New Mexico’s alien nation

From the out-there kitsch of modern-day Roswell to the skyward-bound spirituality of Taos, the people of this southwest US state can’t seem to stop staring at the sky.

The badlands of New Mexico epitomise the raw, stark beauty of the Wild West. Vast mountain ranges and plateaued mesas stand impassive in the desert haze. Ragged gorges, carved out by the Rio Grande River, rip into the land like an open wound. Rows of aspen trees turn to a chemical yellow in the relentless southwestern sun, spotlighting the rolling ranches that are home to cattle and horses. And above it all, the infinite New Mexico sky, an almost physical presence pressing down upon the horizon like a paperweight.

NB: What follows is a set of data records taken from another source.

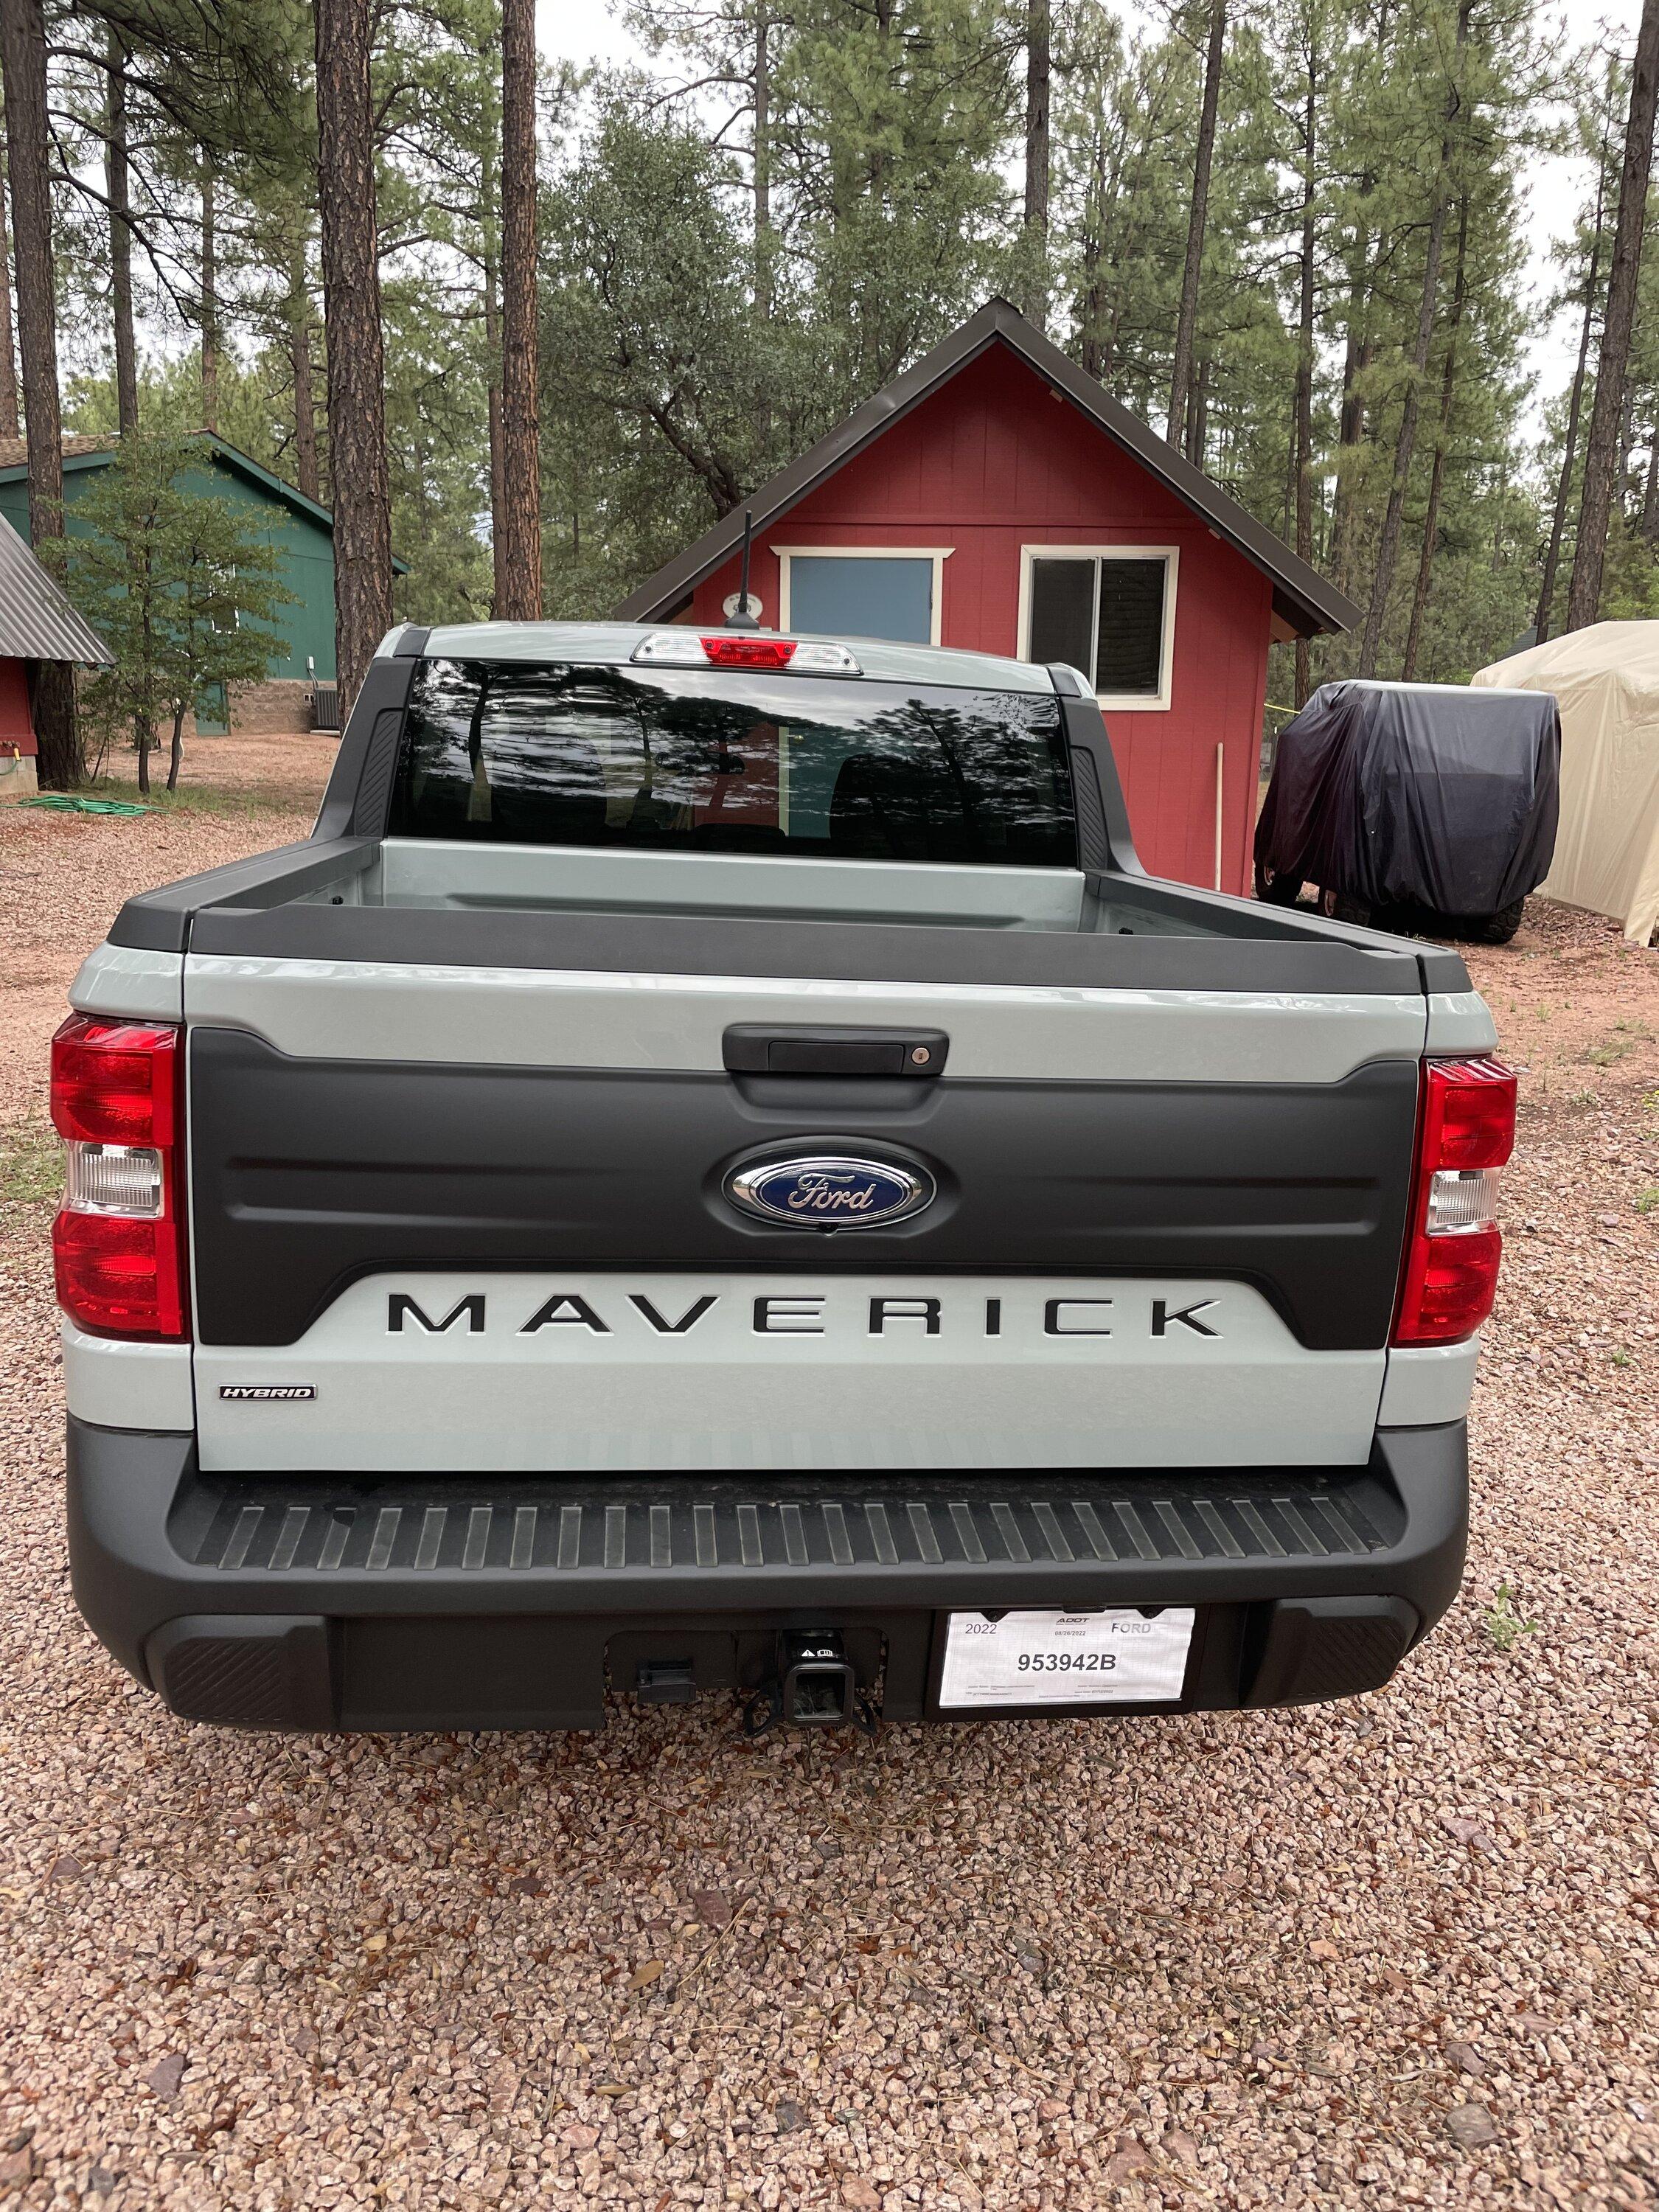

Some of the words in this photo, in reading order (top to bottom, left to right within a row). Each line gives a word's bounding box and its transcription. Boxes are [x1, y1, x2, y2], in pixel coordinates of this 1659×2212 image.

[787, 1172, 877, 1209] Ford
[386, 1293, 1223, 1339] MAVERICK
[223, 1388, 312, 1398] HYBRID
[965, 1624, 997, 1634] 2022
[1111, 1623, 1151, 1633] FORD
[1018, 1653, 1116, 1671] 953942B

Related slideshow: An otherworldly culture in New Mexico

The state of New Mexico has so much beauty that you can’t help but feel sorry for poor old Roswell, a small town in the south. The country round here is lacking almost all of the above. In fact, the only thing that Roswell country has got going for it aesthetically is… flatness. Nowhere does flatness like Roswell. The desert here is a ruler-edge sheet of mute brown dirt, studded with the occasional spiky yucca tree, and goes on and on and on, much in the same interminable way as a pub bore.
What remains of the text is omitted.